高温下での運動や労働のため,発汗機構や循環系に異常をきたして起こる病気。体温上昇,発汗停止とともに虚脱・痙攣(けいれん)・精神錯乱・昏睡(こんすい)などを起こし,生命の危険を伴うこともある。 出典:大辞林

【夏日-なつび】

夏の暑い日。特に,一日の最高気温が摂氏25度以上になる日。 出典:大辞林

【真夏日-まなつび】

最高気温が摂氏30度以上の日。熱帯日。 出典:大辞林

 

▼なんで熱中症になるのか

気温や湿度が高い場合、体内の水分やミネラル(ナトリウムなど)のバランスが崩れてしまいがちです。通常では体温が上昇すれば、汗をかいて体温バランスを整えるはずが、体内のバランスが崩れてしまった場合、汗がでなくなるといった症状がおき、体内の熱を外に出す事ができず熱中症の症状が発生してしまいます。

寝不足や水分不足、体調不良など普段は大丈夫であっても暑さが加わることでより体調を崩しやすくなります。暑い日の場合、普段から外で無理をされている人はとくに注意が必要です。

 

▼熱中症の症状を知る

一般的に知られる症状に次のようなものがあります。
めまい、失神、筋肉痛、筋肉の硬直、大量の発汗、頭痛、不快感、吐き気、嘔吐、倦怠感、虚脱感、意識障害、痙攣、手足の運動障害、高体温など。

夏の暑い日にこれらの症状を感じたら、早め早めに自分の体をケアしましょう。

 

▼熱中症を予防する

簡単だけどなかなか難しいのがこの予防です。
普段から習慣的に運動をして、睡眠をしっかりとり睡眠不足を無くし、体調を整えて、コマメに水分を摂取、そしてなるべく暑いとこにはいない。

これができたら、そりゃぁ熱中症になりませんよね……。
このように、予防が一番難しいです。

 

▼気温だけでなく、湿度にも気を配る

湿度が高いとどうなるかといえば、ジメっとして嫌な感覚を経験された方も多いと思います。確かにこのジメッとした感覚は嫌です。私も嫌いです。ですが、湿度が高い事で問題なのは、低い湿度であれば、汗をかいてもその汗が蒸発する事で体の熱を奪ってくれるのですが、湿度が高いと汗が蒸発しずらくなり、体に熱が貯まってしまいます。このため、湿度が高い時は、気温が低い状態であっても熱中症になる可能性があるという事をしっかりと覚えていてくださいね。

カタツムリ

 

▼WBGT値(暑さ指数)を把握しよう!

下の画像を見てみると分かると思いますが湿度が100%であったのなら、気温が22℃であっても、WBGT値は25℃となり「警戒」の25℃~28℃のゾーンに入ってしまいます。よって、気温と湿度両方を意識することが大事です。

WBGT値出典:厚生労働省より

WBGT値(暑さ指数)は「NHK 防ごう熱中症」でチェックができます。
お出かけの際は、忘れずチェックをしときましょう。

 

▼どんな人が熱中症になりやすいのか

一般的に熱中症になりやすいと言われているのが、「高齢者」や「子供」です。

高齢者の場合は体温調節機能が年齢により低下しているため起こりやすくなっており、子供の場合は体温調節機能が未発達なためにんなりやすいと言われています。

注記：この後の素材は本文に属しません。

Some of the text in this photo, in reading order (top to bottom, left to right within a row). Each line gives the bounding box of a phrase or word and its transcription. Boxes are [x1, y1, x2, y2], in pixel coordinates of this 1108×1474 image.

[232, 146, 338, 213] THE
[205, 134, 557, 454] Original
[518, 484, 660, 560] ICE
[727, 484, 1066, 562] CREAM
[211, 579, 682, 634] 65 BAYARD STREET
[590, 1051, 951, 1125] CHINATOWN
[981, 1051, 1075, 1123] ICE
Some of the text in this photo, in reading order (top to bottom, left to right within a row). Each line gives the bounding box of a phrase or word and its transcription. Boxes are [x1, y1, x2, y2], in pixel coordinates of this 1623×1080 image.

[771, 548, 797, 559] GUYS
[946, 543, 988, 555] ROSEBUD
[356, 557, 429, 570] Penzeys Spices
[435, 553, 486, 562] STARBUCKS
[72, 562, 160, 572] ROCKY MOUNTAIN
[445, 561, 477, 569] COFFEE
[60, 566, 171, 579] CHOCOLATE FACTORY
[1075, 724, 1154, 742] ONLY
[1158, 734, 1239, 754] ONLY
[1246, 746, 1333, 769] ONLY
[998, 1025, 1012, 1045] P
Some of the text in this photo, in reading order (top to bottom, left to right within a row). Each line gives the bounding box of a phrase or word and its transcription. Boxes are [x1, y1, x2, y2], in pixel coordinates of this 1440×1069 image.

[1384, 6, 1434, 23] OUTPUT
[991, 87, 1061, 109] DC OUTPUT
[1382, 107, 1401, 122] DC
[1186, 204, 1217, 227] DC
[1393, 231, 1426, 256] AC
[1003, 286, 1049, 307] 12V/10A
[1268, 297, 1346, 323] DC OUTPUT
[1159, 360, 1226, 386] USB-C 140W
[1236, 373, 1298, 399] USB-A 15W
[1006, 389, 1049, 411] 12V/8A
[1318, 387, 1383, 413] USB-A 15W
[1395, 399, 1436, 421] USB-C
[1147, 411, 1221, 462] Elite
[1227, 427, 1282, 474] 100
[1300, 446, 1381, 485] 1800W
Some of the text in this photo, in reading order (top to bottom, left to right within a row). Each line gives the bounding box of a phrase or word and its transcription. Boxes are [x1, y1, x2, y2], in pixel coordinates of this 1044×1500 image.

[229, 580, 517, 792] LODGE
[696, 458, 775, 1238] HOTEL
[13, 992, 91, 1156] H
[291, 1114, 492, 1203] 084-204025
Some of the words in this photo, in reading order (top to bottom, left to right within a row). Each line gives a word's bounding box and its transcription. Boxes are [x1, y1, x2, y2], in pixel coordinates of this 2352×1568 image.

また、スポーツをしている場合では気温が高温でなくても熱中症になる恐れがあるので注意が必要です。

その他にも、脱水症状、体調不良、運動不足、肥満、暑さに慣れがないといった原因を抱えていると熱中症になりやすいとされています。

詳しくは「熱中症予防 声かけプロジェクト」をご覧ください。

 

▼なりそう、なってしまった場合の対処

自分の場合(あくまで一例です。時と場合によって臨機応変に対応ください)

まだ動ける場合
直ぐに涼しい場所へすぐに非難! 落ち着いたら水分(できれば経口補水液)を摂取し、容体が落ち着くまでリラックスできる状態で体を休ませましょう。

動けない場合
周りの人に助けを求める、もしくは携帯電話で救急車を呼ぶ。
考えてみると、一人でこの状態になってしまうのが一番怖いですよね。こうなってしまうと対処が難しいので、はやめはやめに行動をとりましょう。

誰かがなっていた場合

意識がはっきりとしている場合
まずは、涼しい場所に非難させ、火照っている体をクールダウンさせましょう。首や太股の付け根、脇の下などを冷たいペットボトルで冷やすのも効果的です。また、冷やすのと同時にしっかりと水分を摂取してもらいましょう。
状態が回復しない場合は医療機関へ搬送します。

意識がない場合
直ぐに近くの病院に搬送する必要があります。
救急車をよんだ場合でも、「救急車をよんだから後は任せた」ではなく、倒れている方を少しでも冷やすことが重要なので、少しでも涼しい場所に非難させ、意識がはっきりしている時と同様にクールダウンの処置を行いましょう。

ぐでぇ

 

▼知人から聞いたお話

これは私の知人のお話しです。

ある夏の暑い日、知人のお母さんがめまいや立ちくらみがすると言って、動けなくなりベッドに横になってたそうです。知人は部屋が暑かったので軽度の熱中症かと思い、首や太ももの付け根などの太い血管が走っているところを冷やす処置をしていたのですが、知人のお母さんは心臓の様子が何だかいつもと違う感じがすると伝えて来きたそうです。冷やしているし暫くたてば落ち着くだろうと知人は思ったそうなのですが、しばらくたっても心臓の様子が安定しなかったので救急車を呼ぶと、救急隊に言われたのは「不整脈」という言葉だったそうです。その後、知人のお母さんは入院し、治療もうまくいき、無事退院出来ました。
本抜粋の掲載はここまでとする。